## Action item
An exact copy of the entries, with every picture omitted, is what is needed here.

═════ Data extract

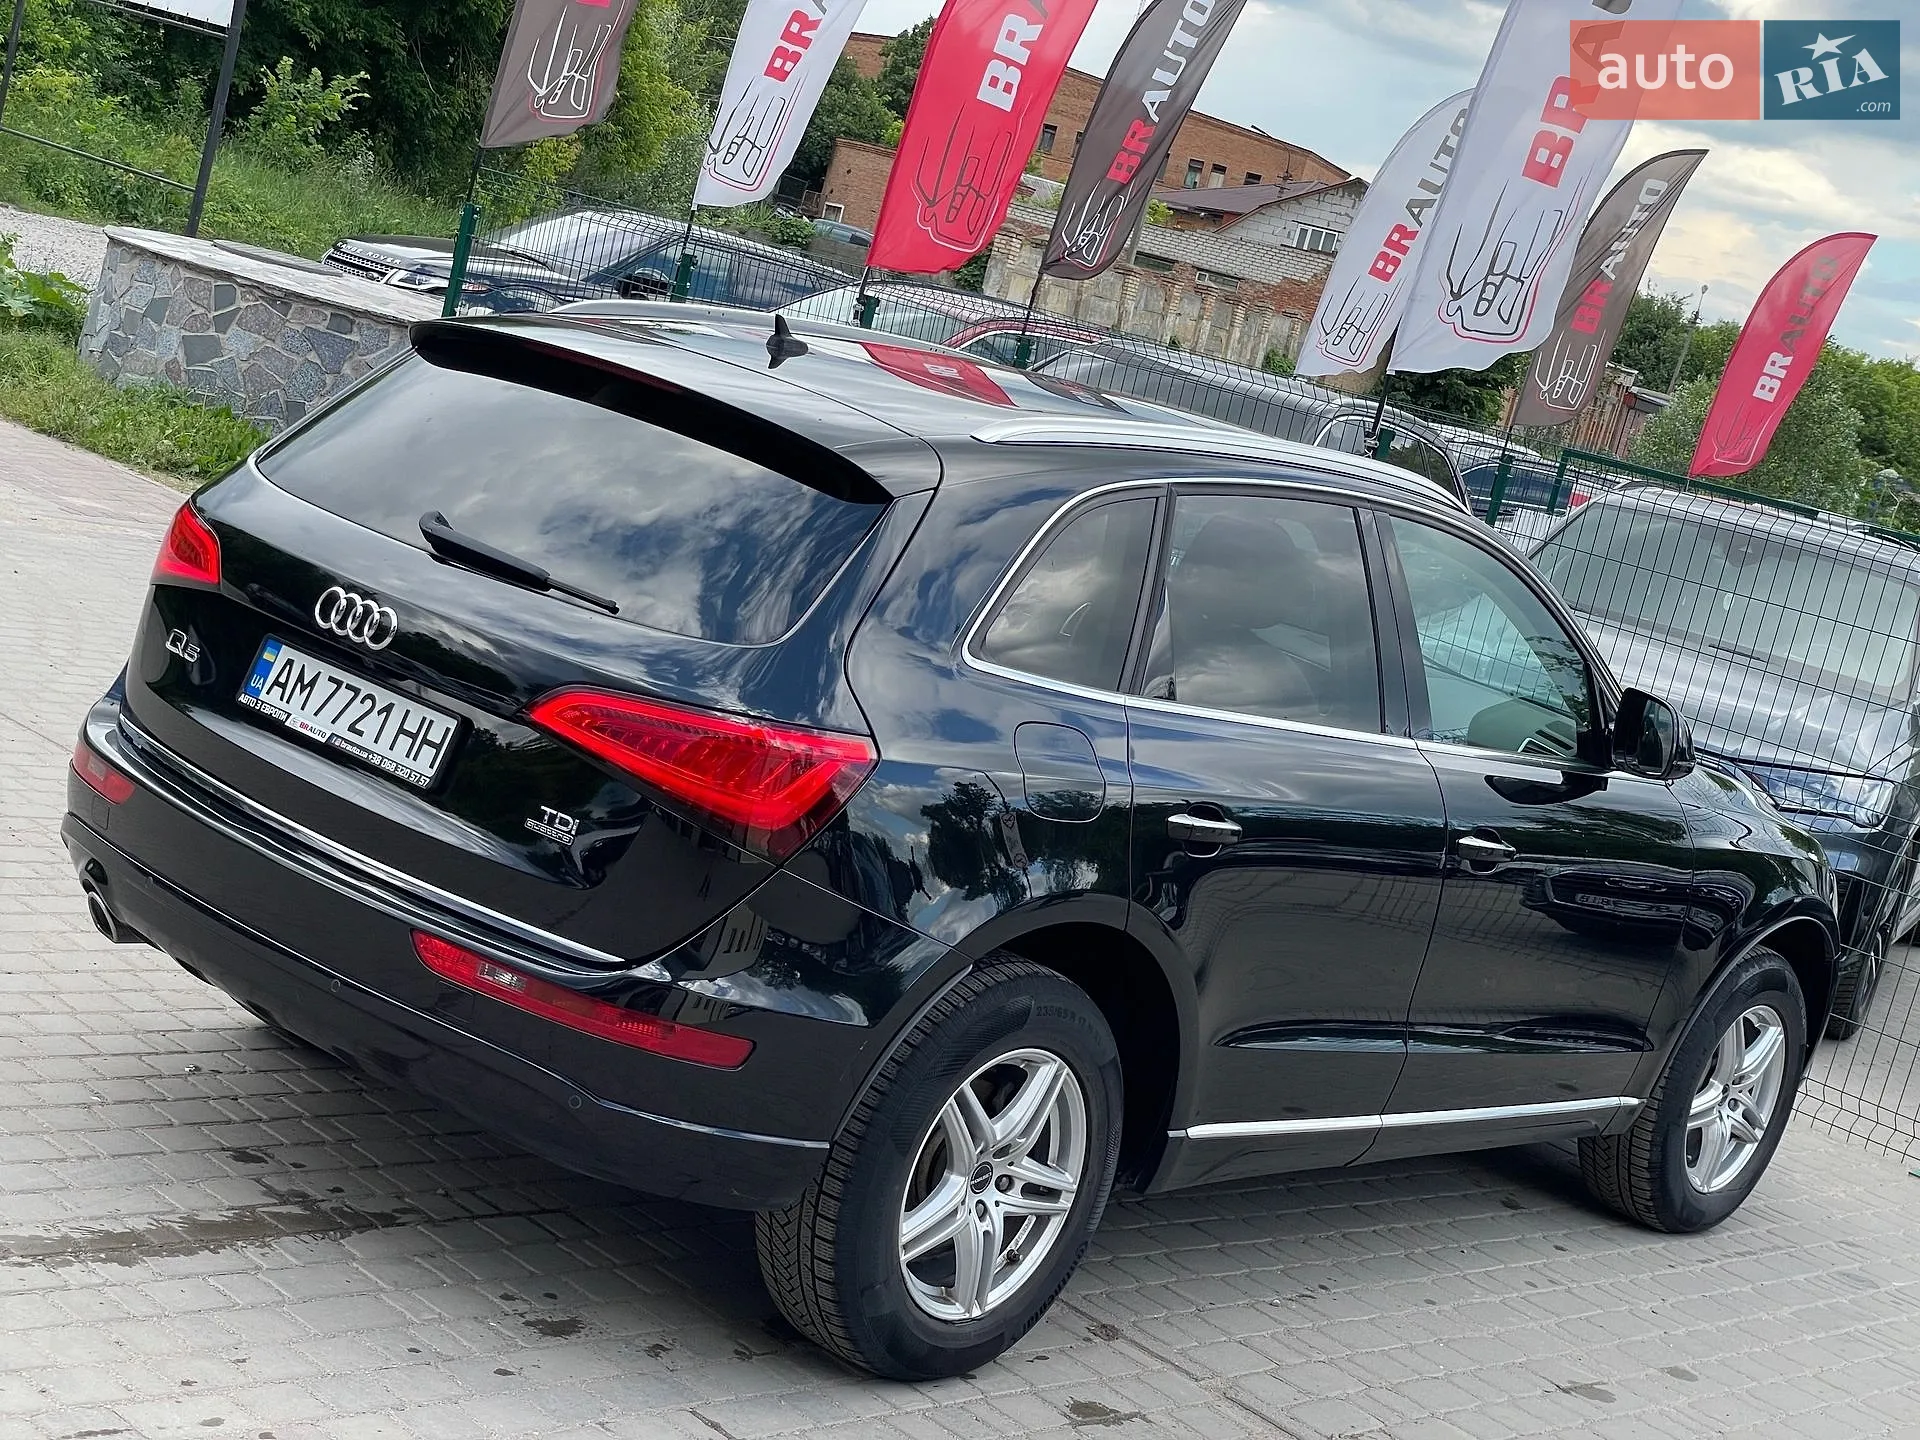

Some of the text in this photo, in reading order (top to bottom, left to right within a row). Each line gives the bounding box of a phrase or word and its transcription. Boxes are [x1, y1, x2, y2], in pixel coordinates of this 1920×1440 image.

[763, 0, 828, 82] BR
[976, 0, 1048, 112] BR
[1106, 0, 1216, 184] BRAUTO
[1522, 0, 1633, 188] BRA
[336, 241, 401, 265] RANGE ROVER
[1571, 178, 1669, 335] BRAUTO
[1753, 255, 1839, 403] BRAUTO
[165, 628, 200, 662] Q5
[250, 674, 264, 690] UA
[299, 721, 327, 739] BRAUTO
[313, 675, 396, 745] 7721
[540, 805, 580, 836] TDI
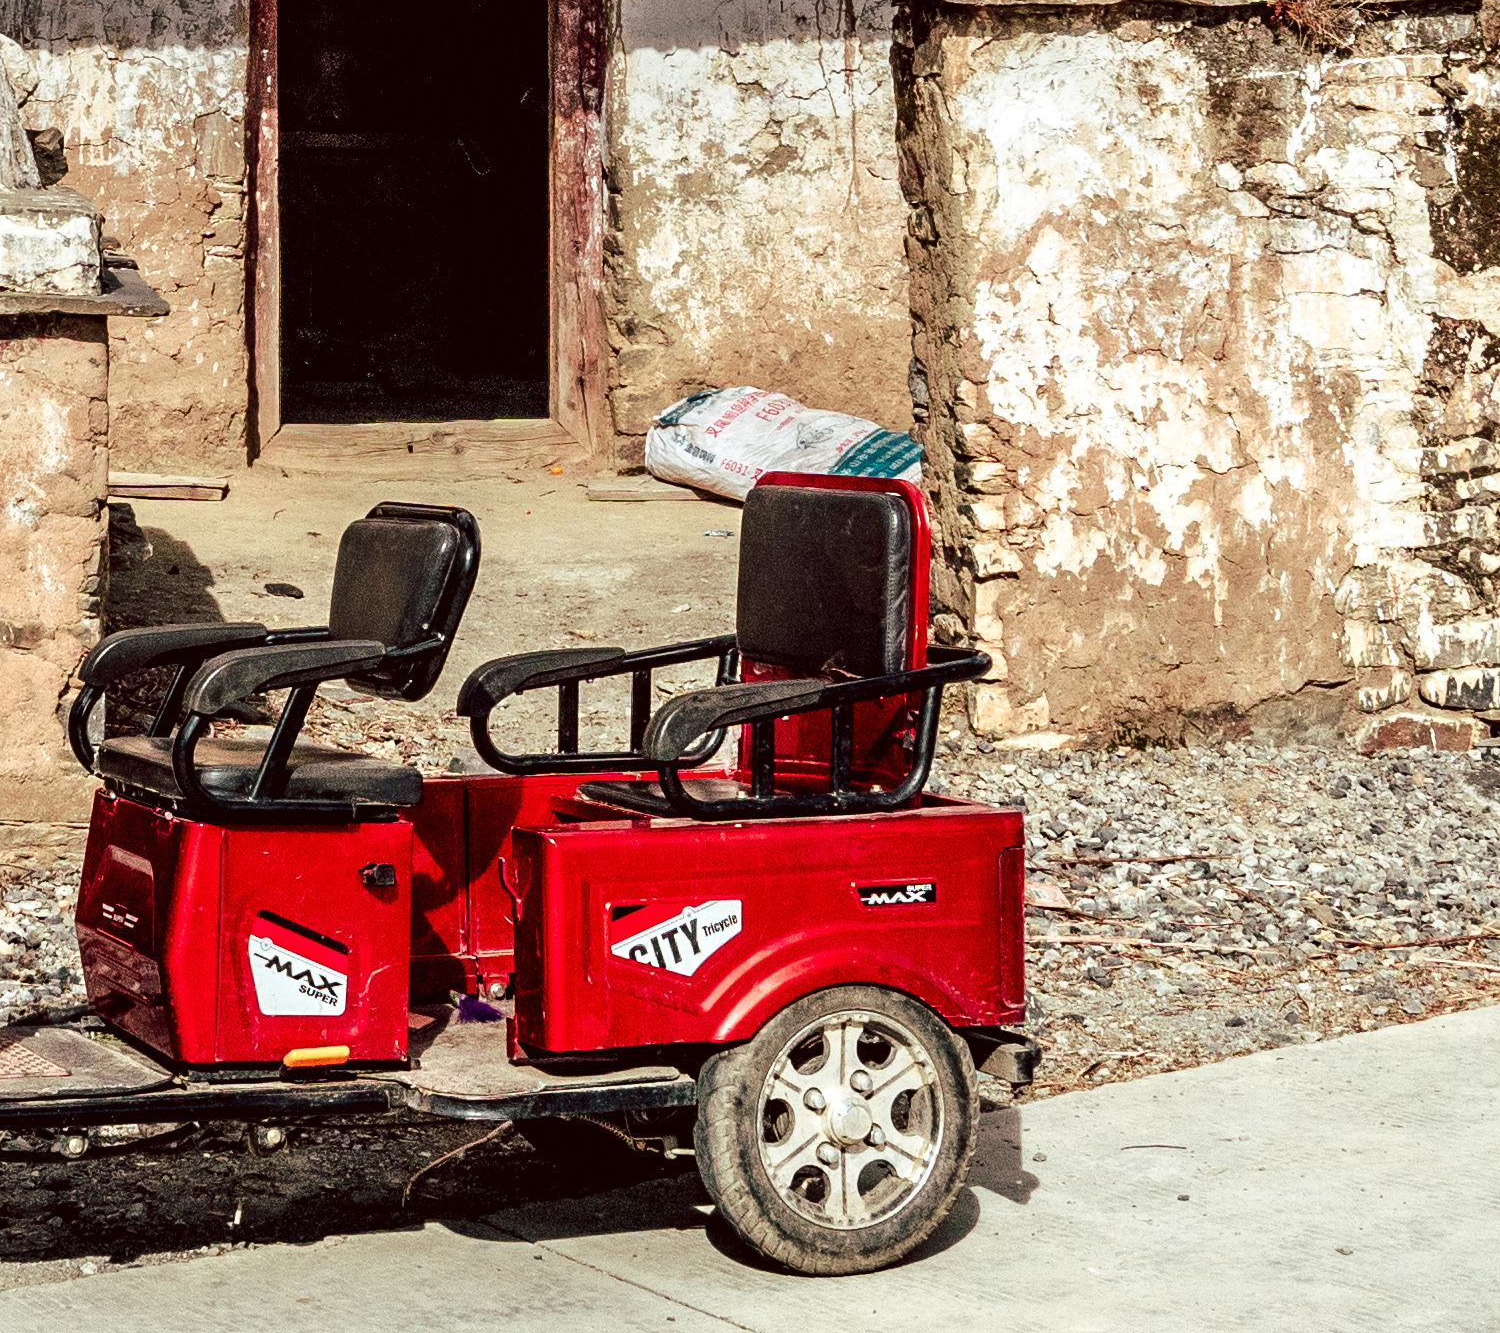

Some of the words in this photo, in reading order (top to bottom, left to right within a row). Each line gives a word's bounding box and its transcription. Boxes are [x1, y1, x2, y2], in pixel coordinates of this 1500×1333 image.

══════════

## Solved exercise
Some of the text in this photo, in reading order (top to bottom, left to right within a row). Each line gives the bounding box of a phrase or word and its transcription. Boxes are [x1, y1, x2, y2], in pixel coordinates of this 1920×1440 image.

[763, 0, 828, 82] BR
[976, 0, 1048, 112] BR
[1106, 0, 1216, 184] BRAUTO
[1522, 0, 1633, 188] BRA
[336, 241, 401, 265] RANGE ROVER
[1571, 178, 1669, 335] BRAUTO
[1753, 255, 1839, 403] BRAUTO
[165, 628, 200, 662] Q5
[250, 674, 264, 690] UA
[299, 721, 327, 739] BRAUTO
[313, 675, 396, 745] 7721
[540, 805, 580, 836] TDI

Some of the words in this photo, in reading order (top to bottom, left to right within a row). Each line gives a word's bounding box and its transcription. Boxes are [x1, y1, x2, y2], in pixel coordinates of this 1500×1333 image.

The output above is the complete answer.